### Work required
Could the records below be restated word for word, without a single picture?

### Information provided
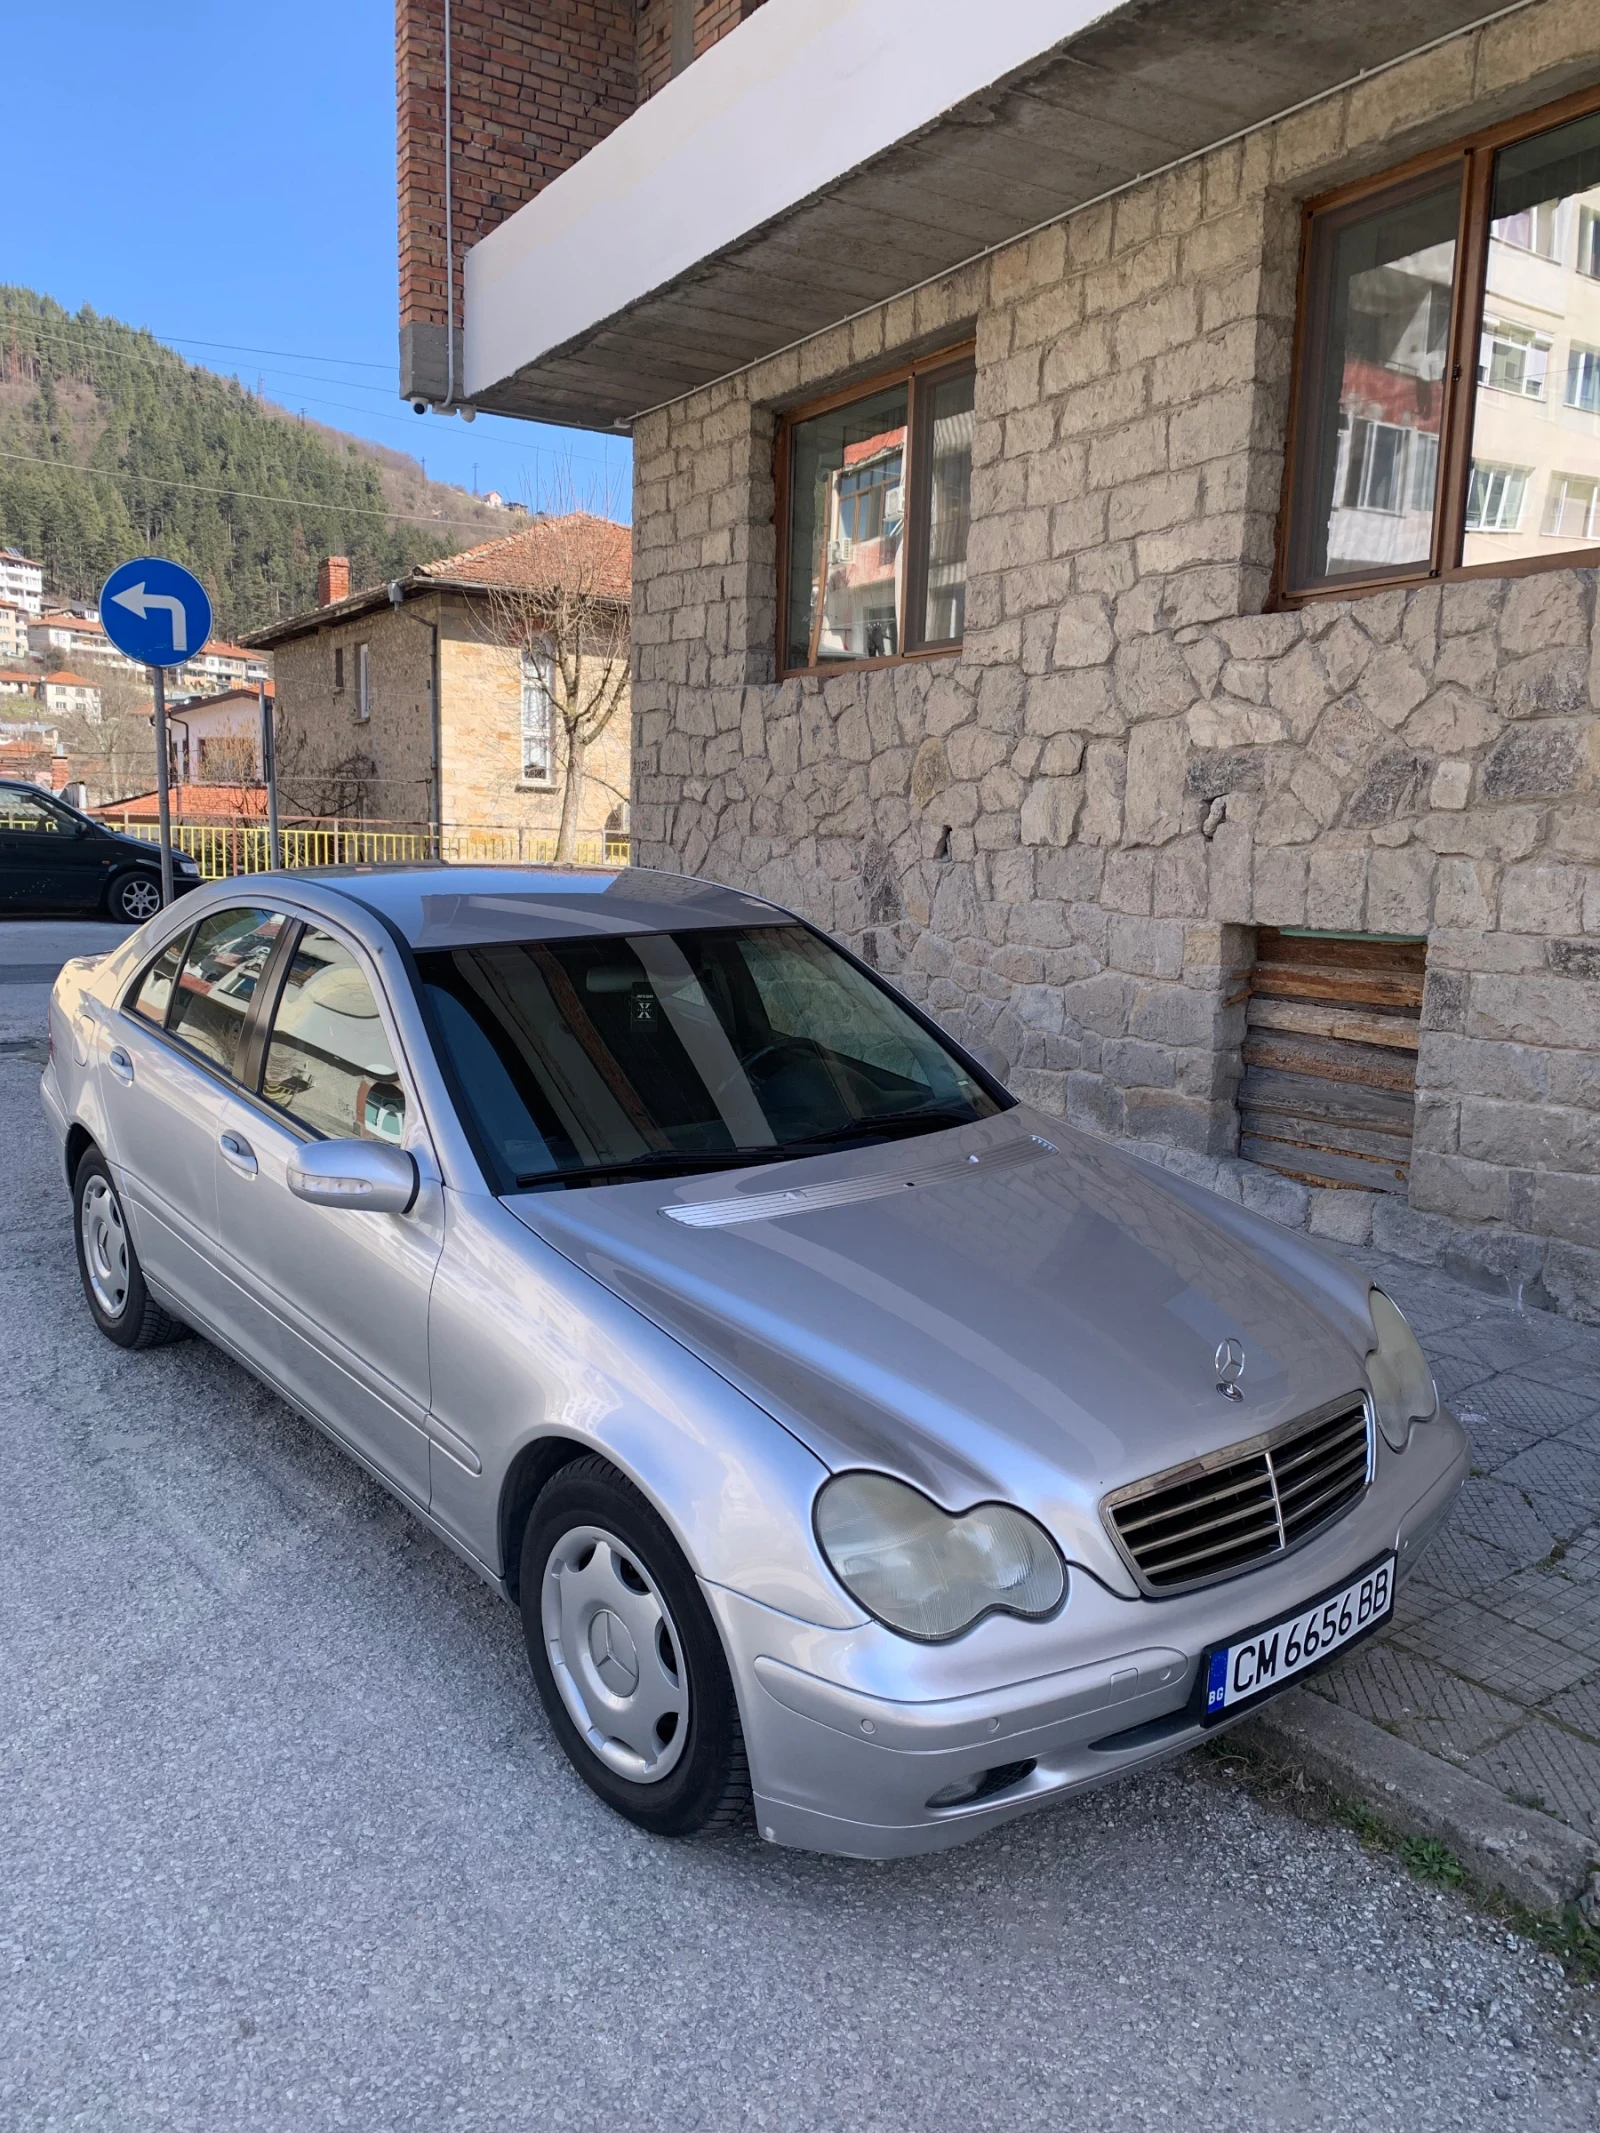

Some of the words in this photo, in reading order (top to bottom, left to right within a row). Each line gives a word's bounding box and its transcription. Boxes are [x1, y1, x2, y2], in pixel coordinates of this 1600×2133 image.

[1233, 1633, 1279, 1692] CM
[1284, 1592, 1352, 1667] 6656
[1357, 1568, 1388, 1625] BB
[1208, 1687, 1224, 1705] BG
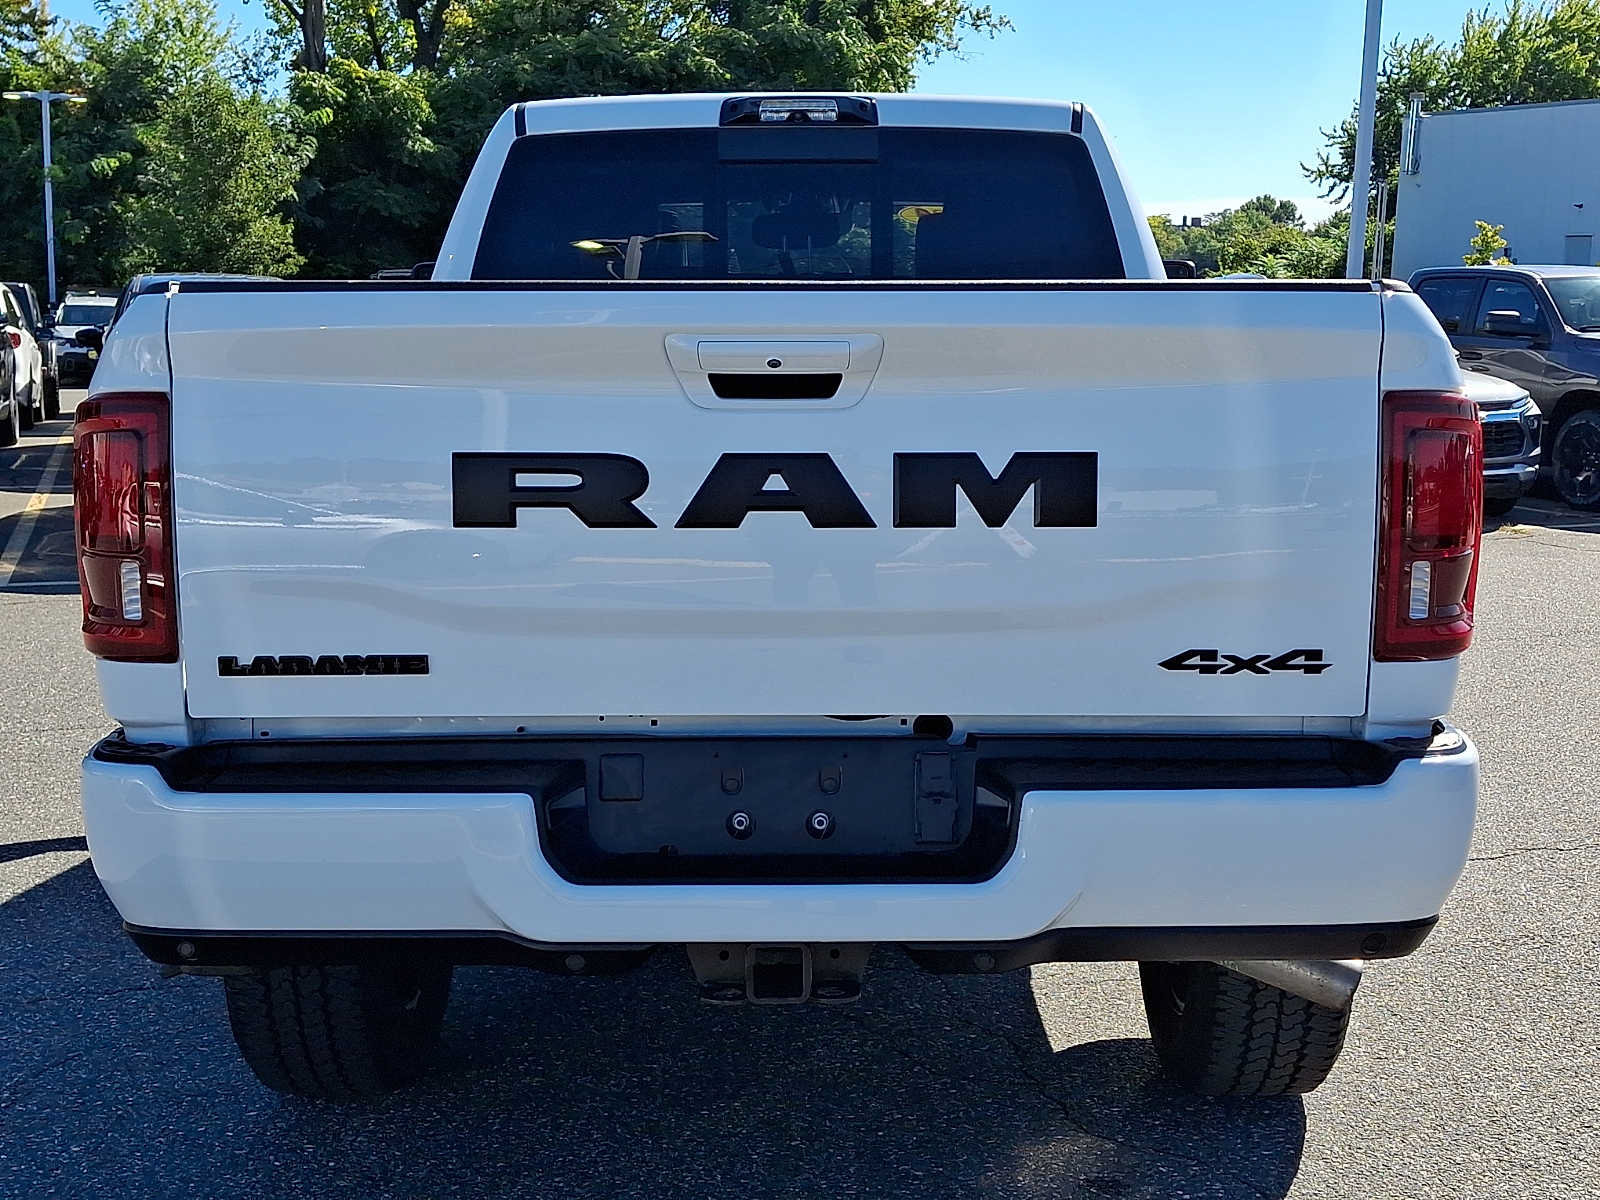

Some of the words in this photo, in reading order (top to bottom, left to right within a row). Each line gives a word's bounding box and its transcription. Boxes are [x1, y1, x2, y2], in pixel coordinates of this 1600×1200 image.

### Your solution
Some of the words in this photo, in reading order (top to bottom, left to right within a row). Each line gives a word's bounding box and its transcription. Boxes are [x1, y1, x2, y2], in pixel coordinates of this 1600×2133 image.

[1233, 1633, 1279, 1692] CM
[1284, 1592, 1352, 1667] 6656
[1357, 1568, 1388, 1625] BB
[1208, 1687, 1224, 1705] BG

Some of the words in this photo, in reading order (top to bottom, left to right within a row). Each line gives a word's bounding box and its transcription. Boxes are [x1, y1, x2, y2], in pixel coordinates of this 1600×1200 image.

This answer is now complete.